* Record extracts *
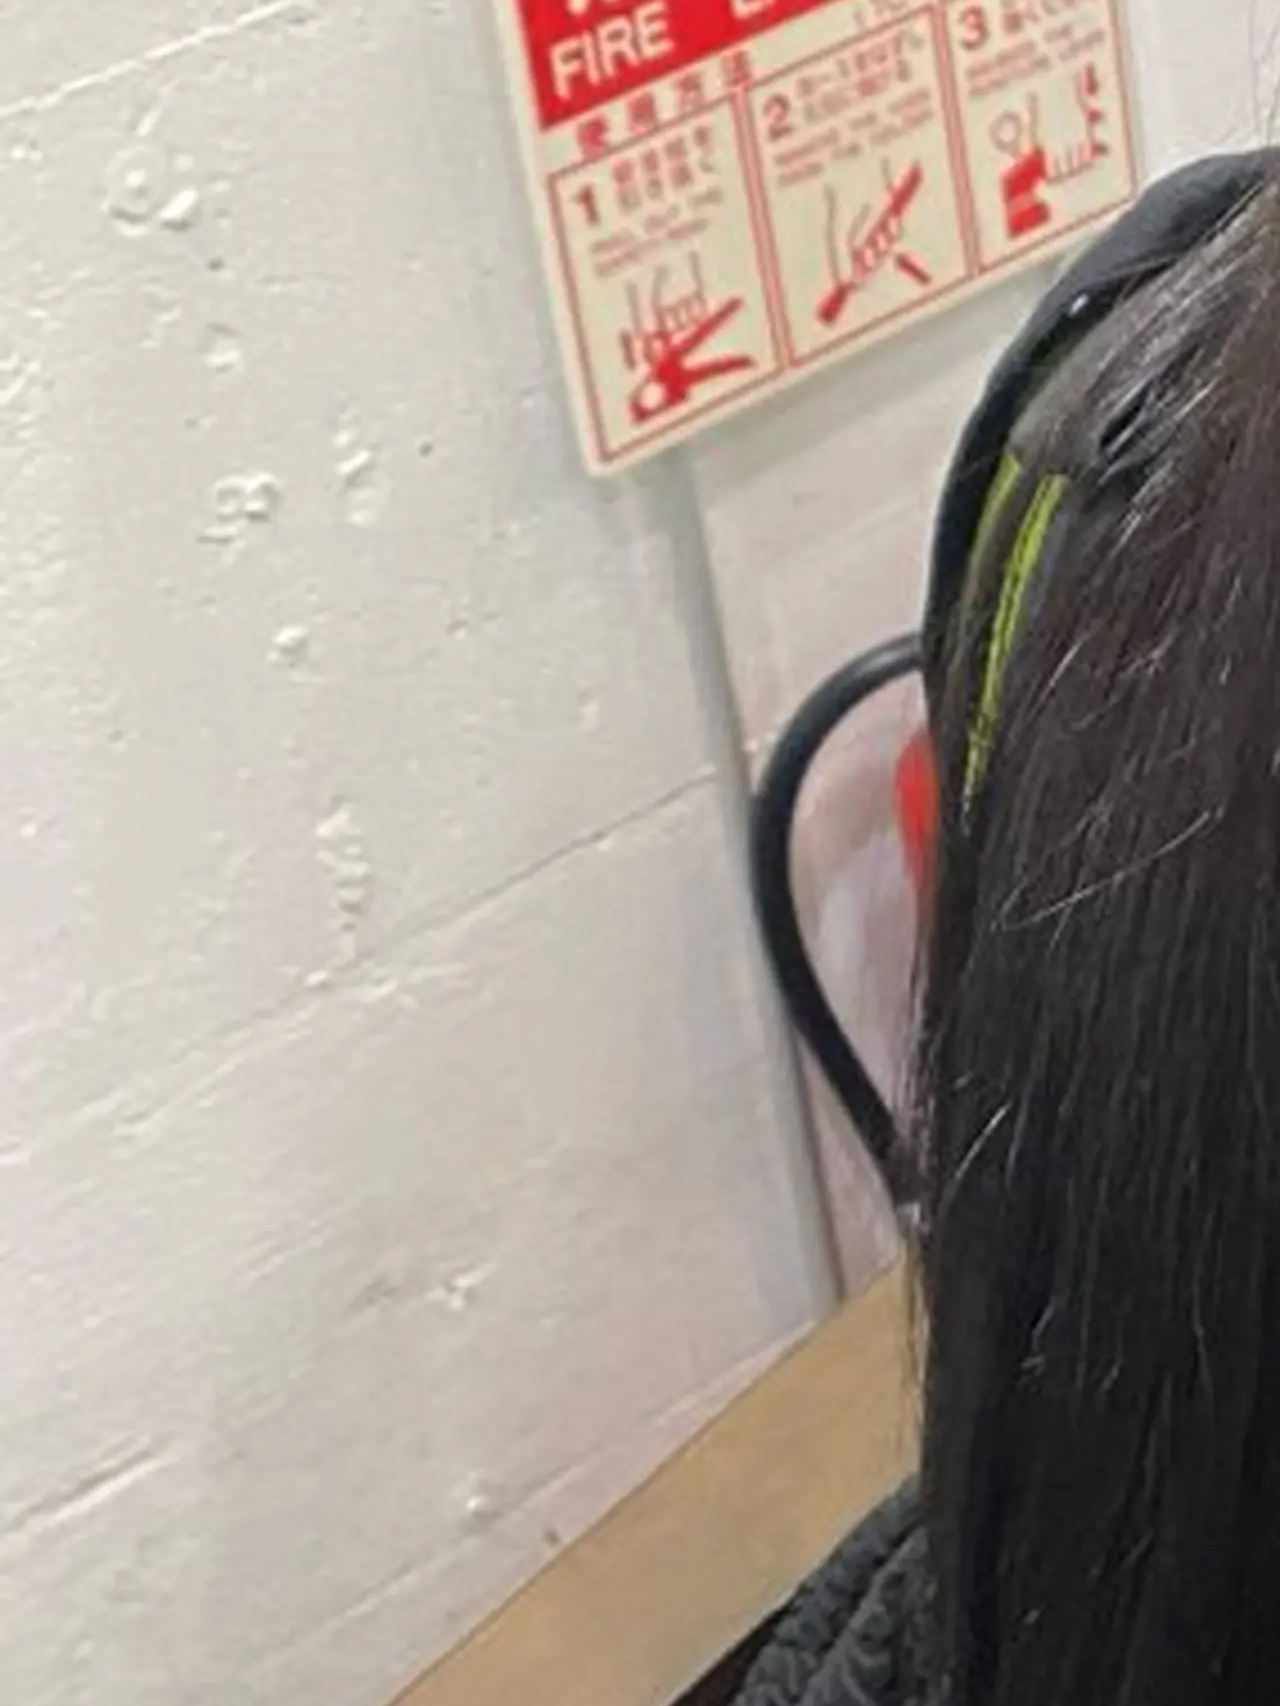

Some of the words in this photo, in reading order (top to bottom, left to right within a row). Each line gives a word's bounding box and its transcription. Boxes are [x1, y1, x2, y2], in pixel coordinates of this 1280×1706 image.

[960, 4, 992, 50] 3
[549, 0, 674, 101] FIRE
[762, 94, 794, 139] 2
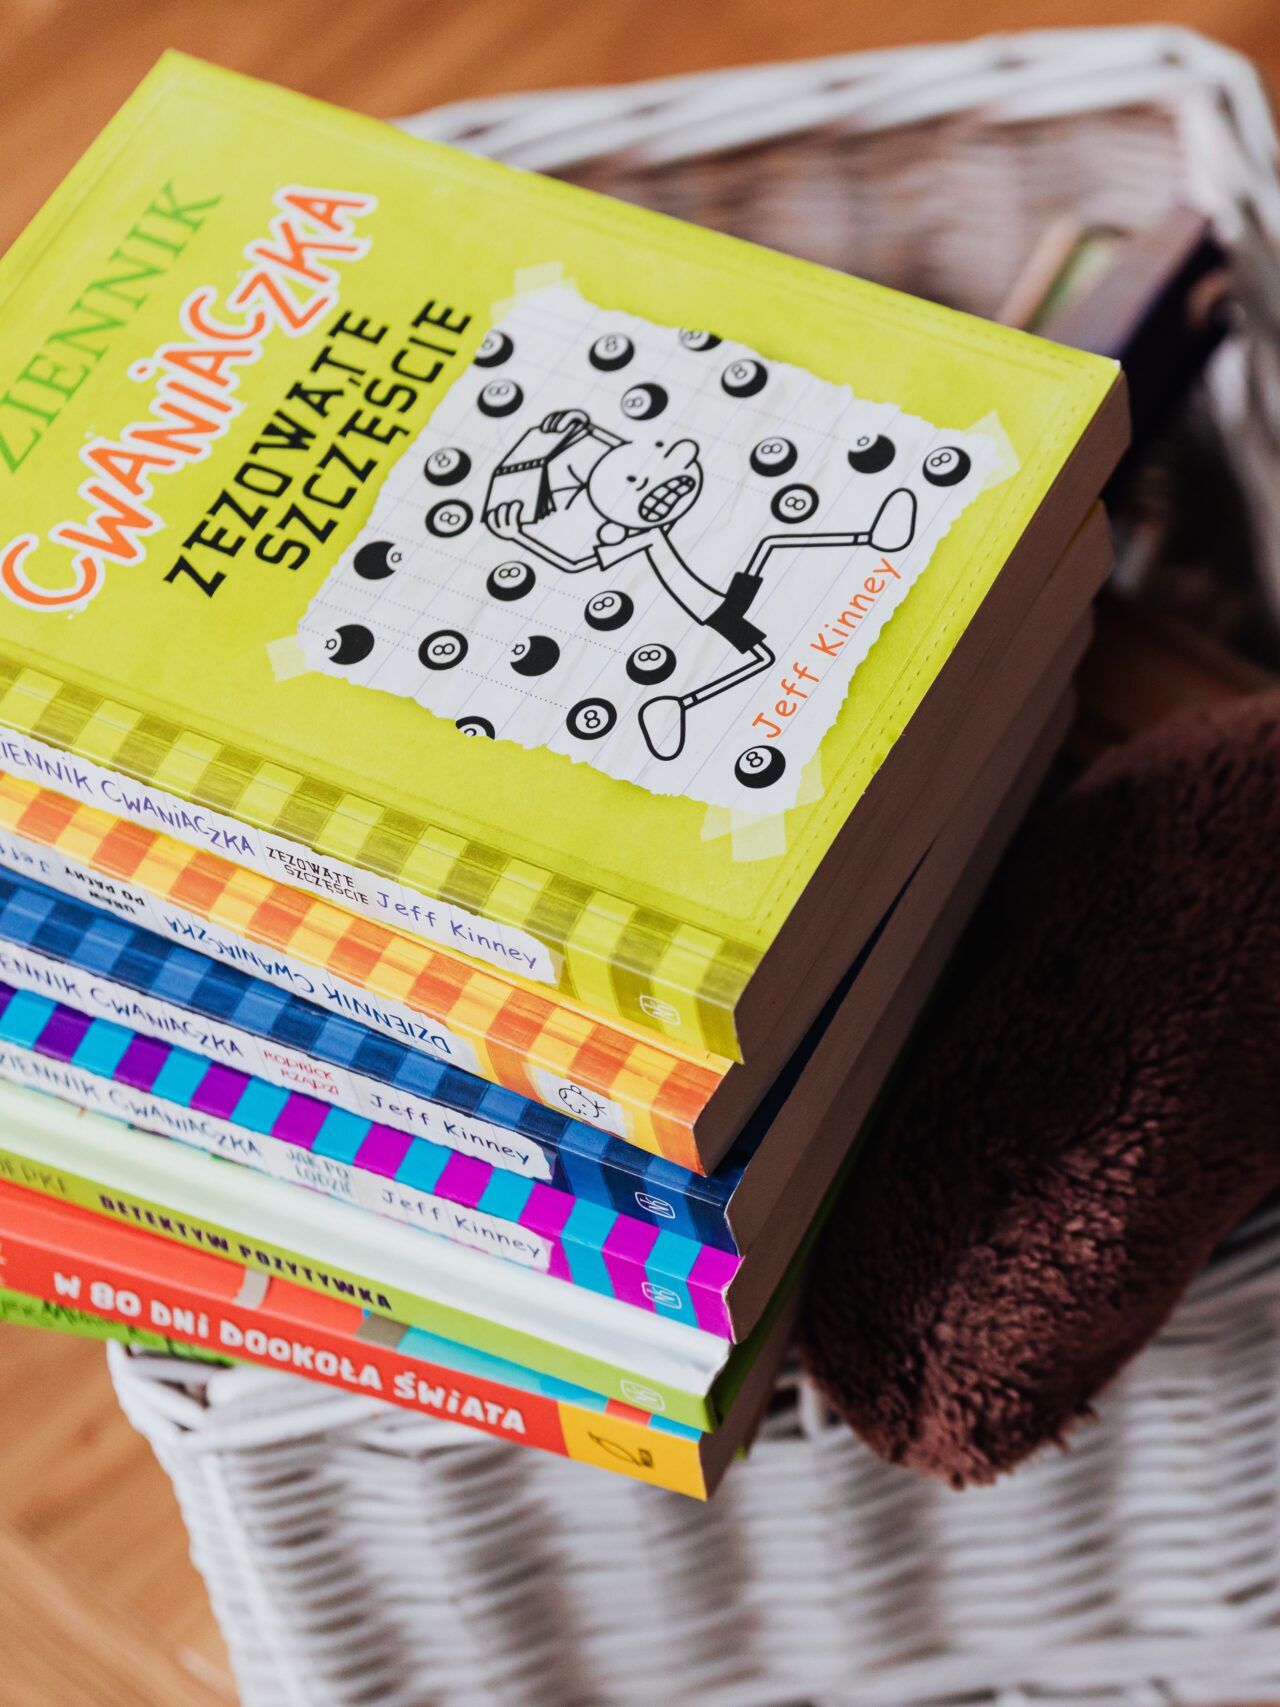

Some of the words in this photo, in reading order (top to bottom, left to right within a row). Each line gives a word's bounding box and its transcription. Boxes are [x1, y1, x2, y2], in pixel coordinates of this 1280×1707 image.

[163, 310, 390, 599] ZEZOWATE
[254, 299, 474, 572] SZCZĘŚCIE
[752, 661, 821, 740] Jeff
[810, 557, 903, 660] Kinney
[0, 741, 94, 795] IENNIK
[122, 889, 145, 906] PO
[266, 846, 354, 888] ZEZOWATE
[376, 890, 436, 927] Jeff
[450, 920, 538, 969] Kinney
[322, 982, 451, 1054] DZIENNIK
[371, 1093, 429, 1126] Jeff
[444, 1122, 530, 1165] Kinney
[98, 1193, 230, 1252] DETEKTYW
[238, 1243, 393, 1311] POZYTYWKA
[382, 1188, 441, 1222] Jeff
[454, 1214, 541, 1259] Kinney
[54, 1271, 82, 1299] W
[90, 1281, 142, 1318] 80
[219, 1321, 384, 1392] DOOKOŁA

* Exercise description *
Repeat the material exactly, without images.

* Answer to this task *
Some of the words in this photo, in reading order (top to bottom, left to right within a row). Each line gives a word's bounding box and its transcription. Boxes are [x1, y1, x2, y2], in pixel coordinates of this 1280×1706 image.

[960, 4, 992, 50] 3
[549, 0, 674, 101] FIRE
[762, 94, 794, 139] 2

Some of the words in this photo, in reading order (top to bottom, left to right within a row). Each line gives a word's bounding box and its transcription. Boxes are [x1, y1, x2, y2], in pixel coordinates of this 1280×1707 image.

[163, 310, 390, 599] ZEZOWATE
[254, 299, 474, 572] SZCZĘŚCIE
[752, 661, 821, 740] Jeff
[810, 557, 903, 660] Kinney
[0, 741, 94, 795] IENNIK
[122, 889, 145, 906] PO
[266, 846, 354, 888] ZEZOWATE
[376, 890, 436, 927] Jeff
[450, 920, 538, 969] Kinney
[322, 982, 451, 1054] DZIENNIK
[371, 1093, 429, 1126] Jeff
[444, 1122, 530, 1165] Kinney
[98, 1193, 230, 1252] DETEKTYW
[238, 1243, 393, 1311] POZYTYWKA
[382, 1188, 441, 1222] Jeff
[454, 1214, 541, 1259] Kinney
[54, 1271, 82, 1299] W
[90, 1281, 142, 1318] 80
[219, 1321, 384, 1392] DOOKOŁA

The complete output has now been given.